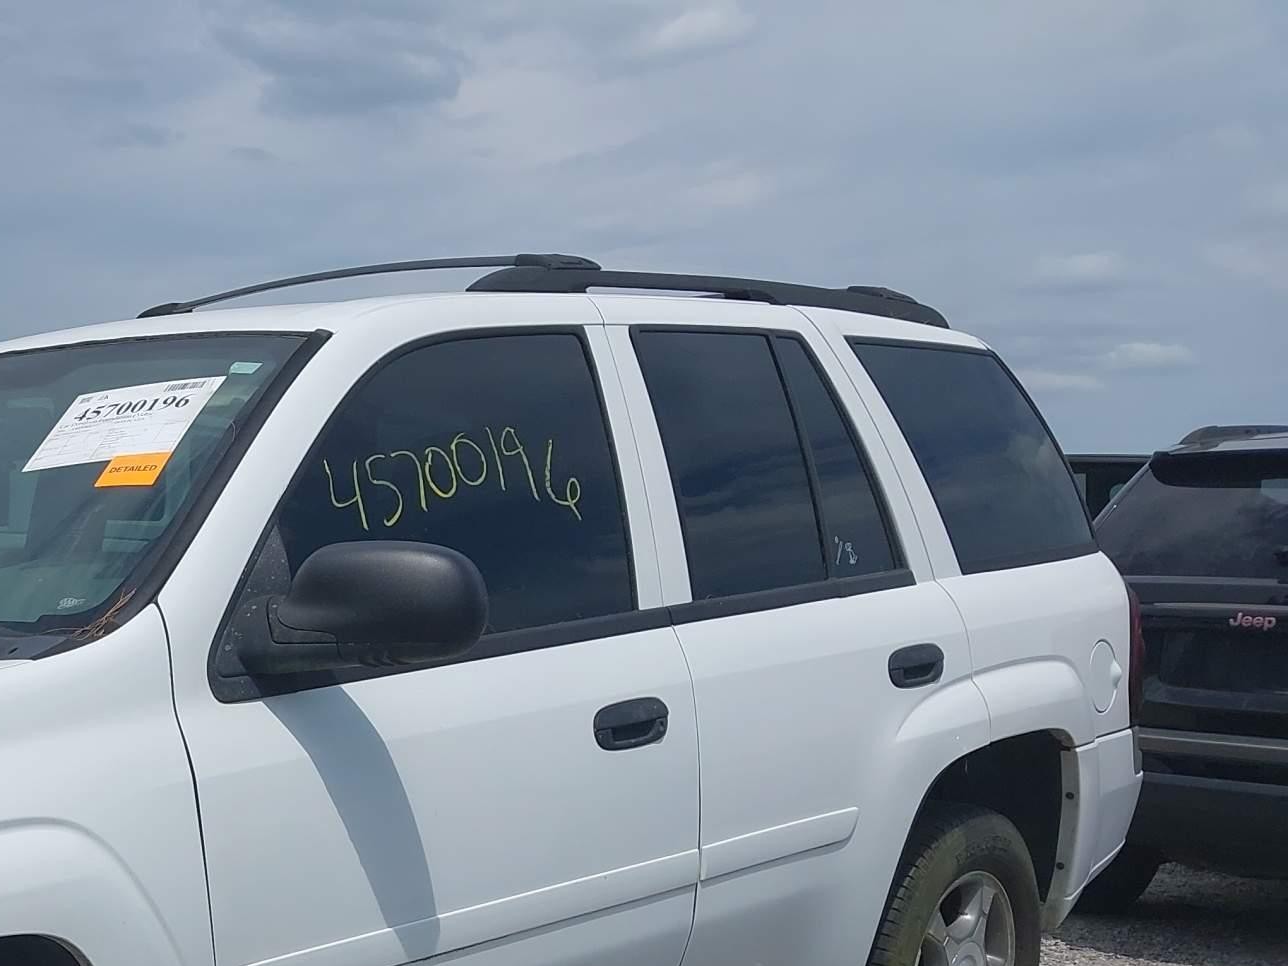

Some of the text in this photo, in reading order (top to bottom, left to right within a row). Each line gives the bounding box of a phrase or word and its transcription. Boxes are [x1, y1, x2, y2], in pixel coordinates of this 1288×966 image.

[73, 393, 192, 422] 45700196
[108, 464, 158, 473] DETAILED
[322, 426, 583, 532] 45700196
[1229, 612, 1277, 631] Jeep
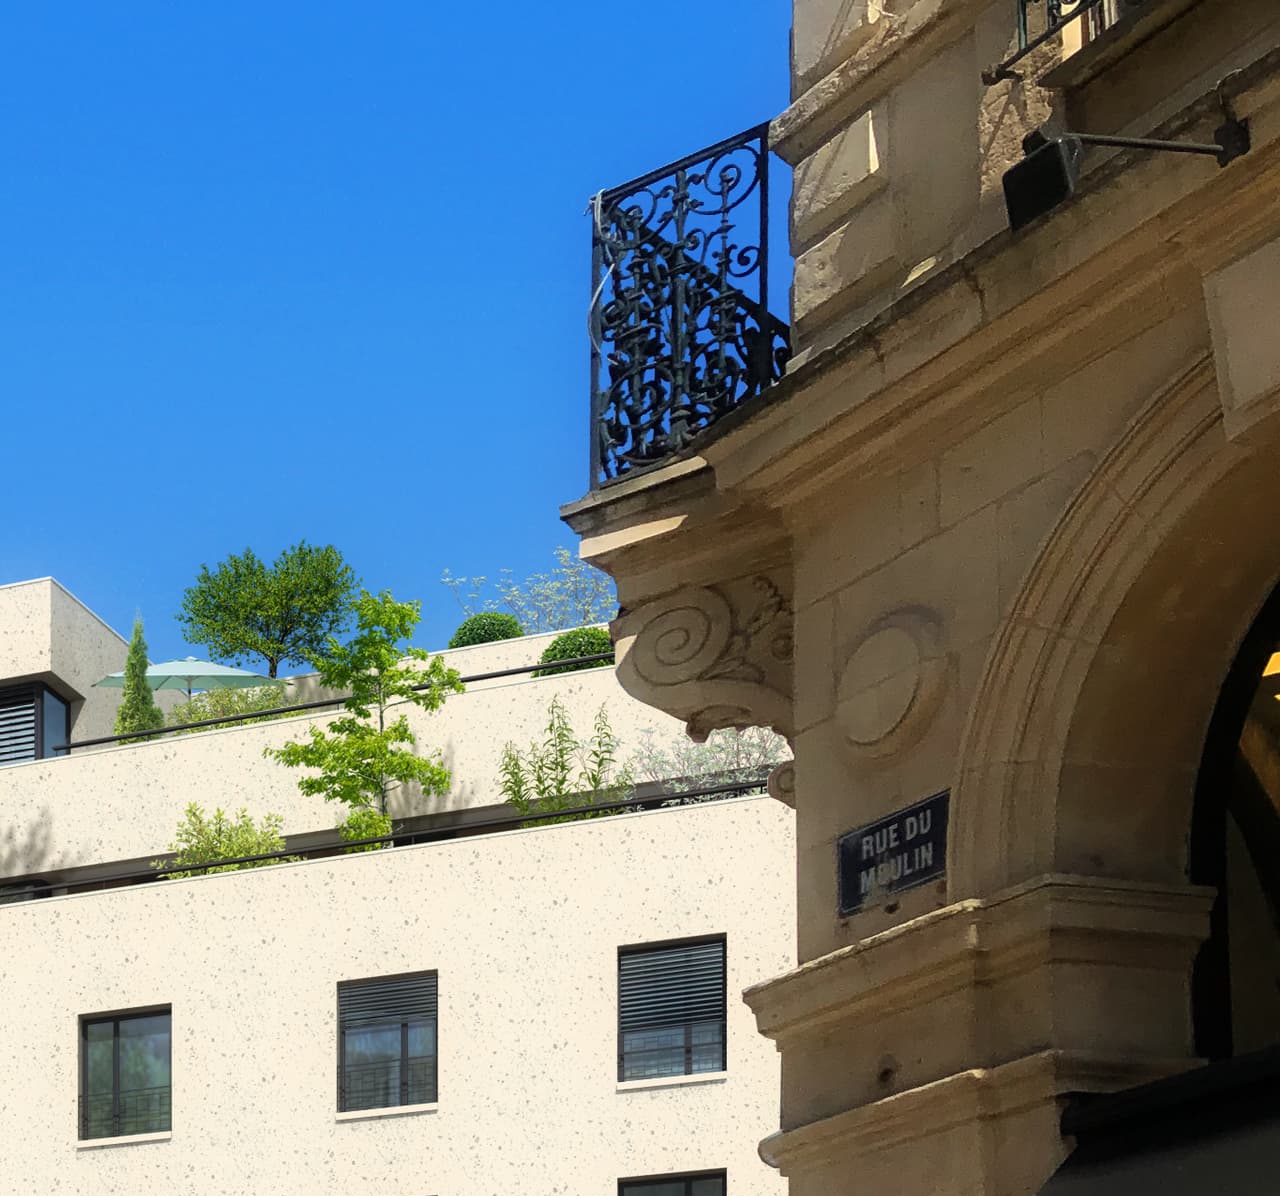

# Exercise
Retype every record above word for word, leaving out any pictures.

# Exercise solution
Some of the text in this photo, in reading order (top to bottom, left to right within a row). Each line gives the bounding box of a phrase or word and its transcription. Boxes are [x1, y1, x2, y2], in pixel coordinates of this 1288×966 image.

[73, 393, 192, 422] 45700196
[108, 464, 158, 473] DETAILED
[322, 426, 583, 532] 45700196
[1229, 612, 1277, 631] Jeep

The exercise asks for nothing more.